A few weeks ago, I was settling down for an evening NaNoWriMo session and I remembered that one of my favorite actors had just released a debut album with his band that week. Excitement and nerves mixed as I searched for it on Spotify, hoping that I would like it. Actually, if I’m being awesome, I was just hoping it wouldn’t be awful. Because I really liked this actor, not just for the characters he’s created, but the person he seems to be at least from my very removed vantage point. So I held my breath while I pushed play and waited.
I ended up listening to the entire album multiple times that night, not as some fangirl ploy to drive up the stream numbers, but because I genuinely liked the music. I even popped out my headphones and made my husband listen to a couple songs because it’s the type of music we like to listen to on the road trips we often take. He listened, nodded and agreed that yeah, it was good. Which is a pretty ringing endorsement considering he’s been in a few bands and has a much more sophisticated ear for music than I do.
The moment reminded me of one of my oldest friends, who also happened to be the photographer at our wedding. I’ve known this guy since elementary school and I remember when he first started playing around with his mom’s old SLR camera. Back then, I sometimes ended up on the other side of the lens as he learned the ropes and tested out different techniques. A few years later, he went from sneaking his camera into concerts to actually shooting from the press pit and having his pictures published. He’d post the links on social media and I’d take a peek, wondering if I was just biased or if he was really that good.

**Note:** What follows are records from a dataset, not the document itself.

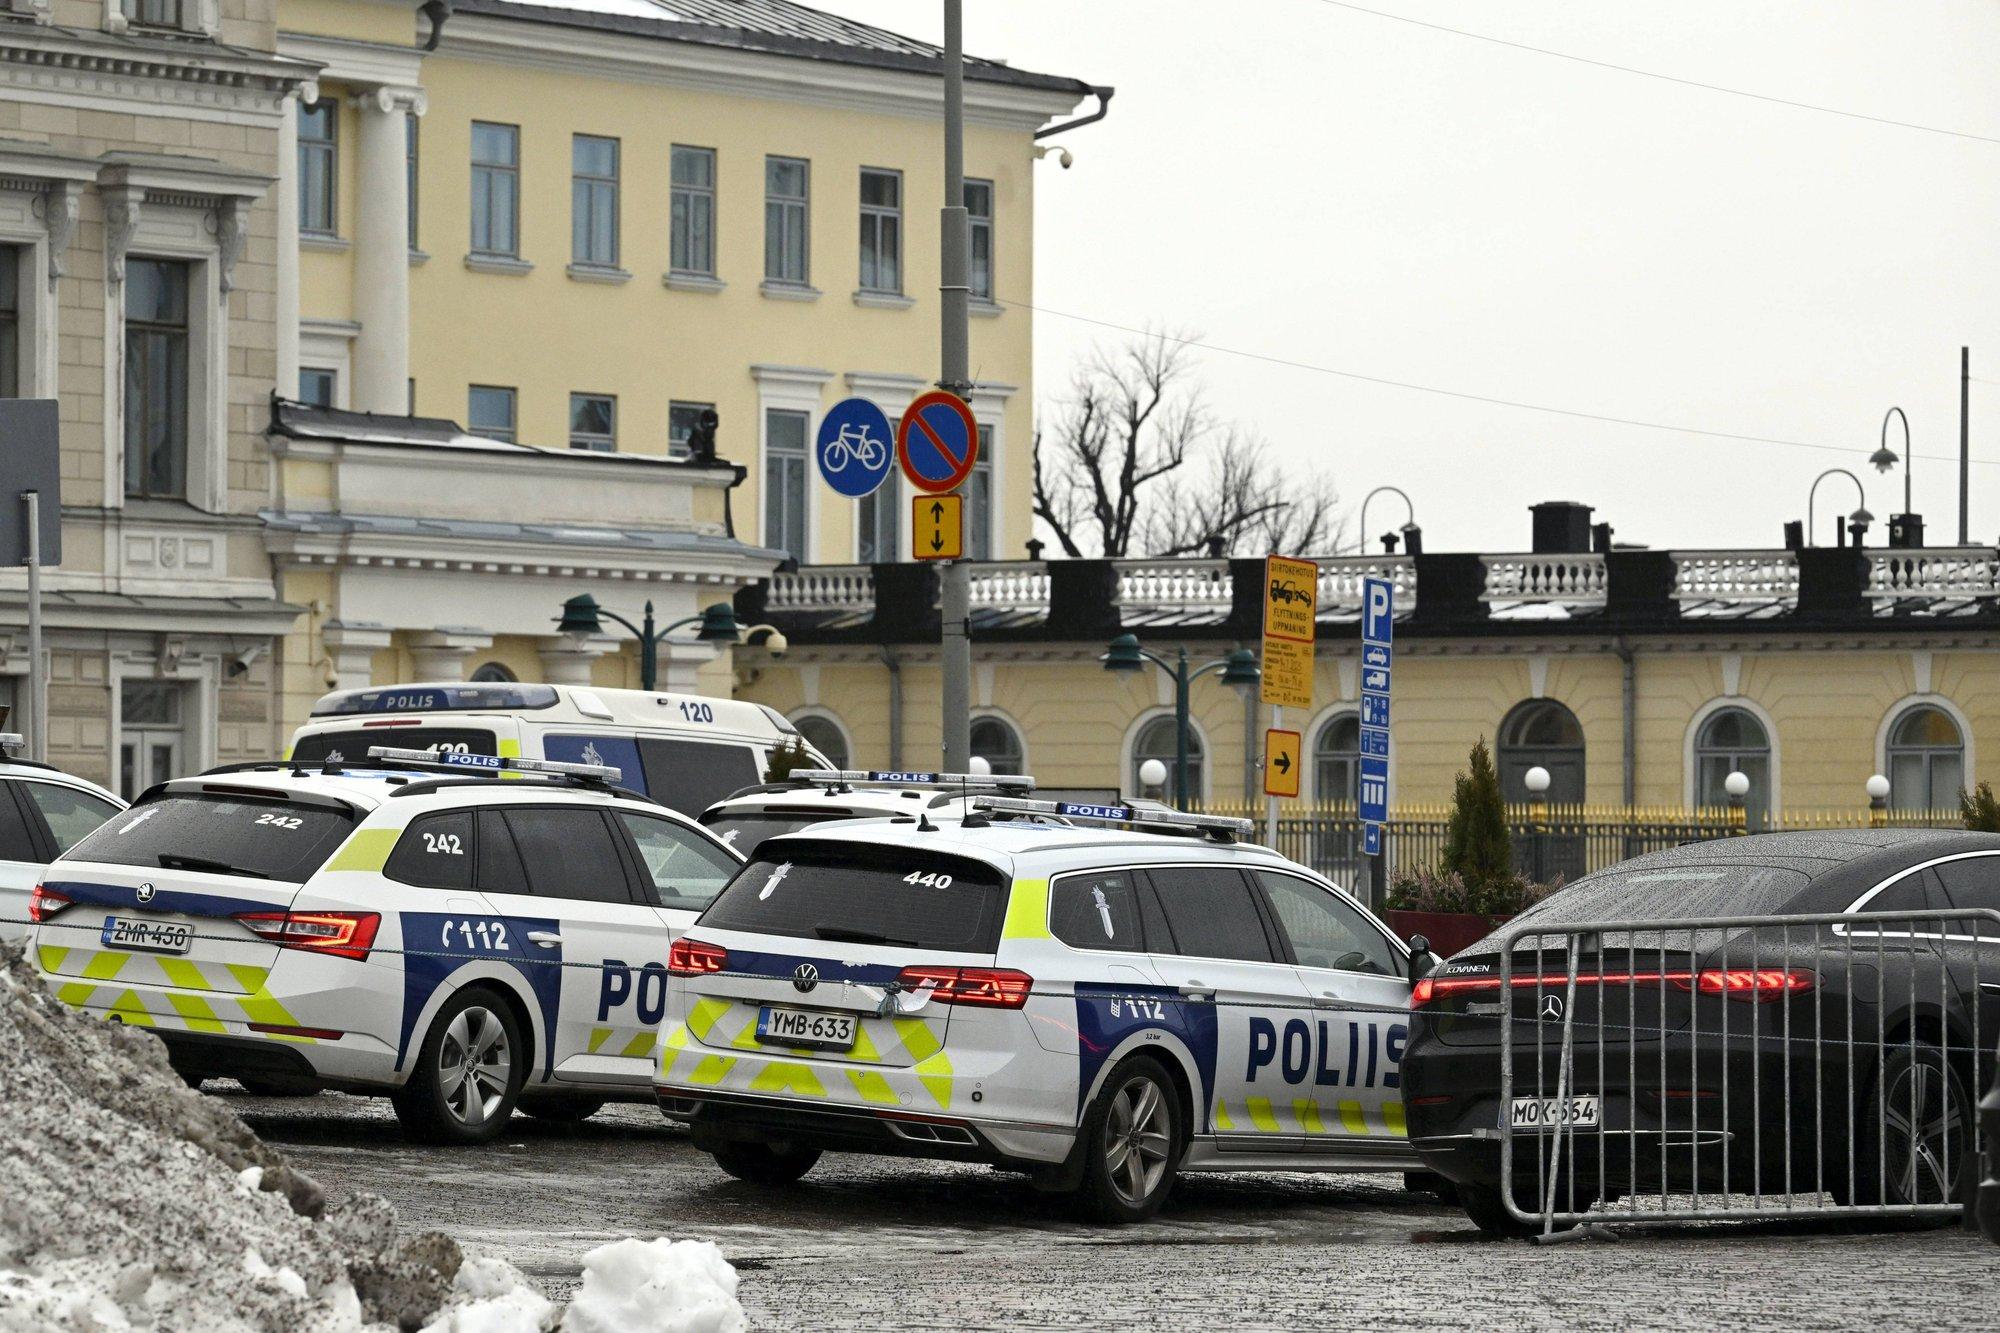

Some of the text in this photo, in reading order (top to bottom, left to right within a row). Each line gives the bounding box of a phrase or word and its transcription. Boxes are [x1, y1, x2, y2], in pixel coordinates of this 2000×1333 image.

[1271, 562, 1314, 578] SIIRTOKEHOTUS
[1369, 583, 1389, 637] P
[1272, 621, 1307, 635] UPPMANING
[386, 695, 434, 709] POLIS
[680, 701, 713, 723] 120
[448, 754, 499, 767] POLIS
[877, 772, 930, 782] POLIS
[1065, 805, 1123, 819] POLIS
[254, 813, 303, 830] 242
[422, 832, 464, 855] 242
[902, 870, 952, 890] 440
[459, 920, 510, 950] 112
[1446, 964, 1490, 974] KOVANEN
[1125, 994, 1165, 1020] 112
[773, 1012, 851, 1039] YMB-633

Spoiler alert: he is that good. In the years since, he’s traveled all over the country photographing musicians at every level. From guys he crammed into a van with to ride to Bonnaroo to The Boss. No, but really. So when I got engaged (actually even before that), I knew he was the only one I wanted to take pictures at my wedding. Maybe there were photographers who did more weddings or were cheaper, but booking him felt like a gift to both of us: I got to support one of my best friends and I was completely myself in front of the camera, which I probably wouldn’t have been with a stranger. And of course, the photos were incredible. You could feel the love and fun in every single shot.
Why am I telling you all of this? Because I think as writers and creators, it’s super easy to forget that there are people pulling for you. Whether it’s your loved ones or complete strangers, there are people rooting for you to succeed and willing to support you when you put your soul into creating something you love. NaNoWriMo is one of the few times when a lot of us really feel this. We know there’s a whole community of people rooting for our success, and if we’re lucky our family supports our crazy writing endeavor as well. But the rest of the year can feel lonely and defeating, especially when you’re not living up to your own expectations. When the first draft sucks (as it inevitably will) or you get the rejection instead of The Call. When another writer gets the thing you want and their social media feeds are flooded with congratulations, it’s easy to feel like no one is in your corner. But I can almost guarantee that that’s not true. People want you to succeed. They want your book to be good. They want to support you and cheer you on. All year long.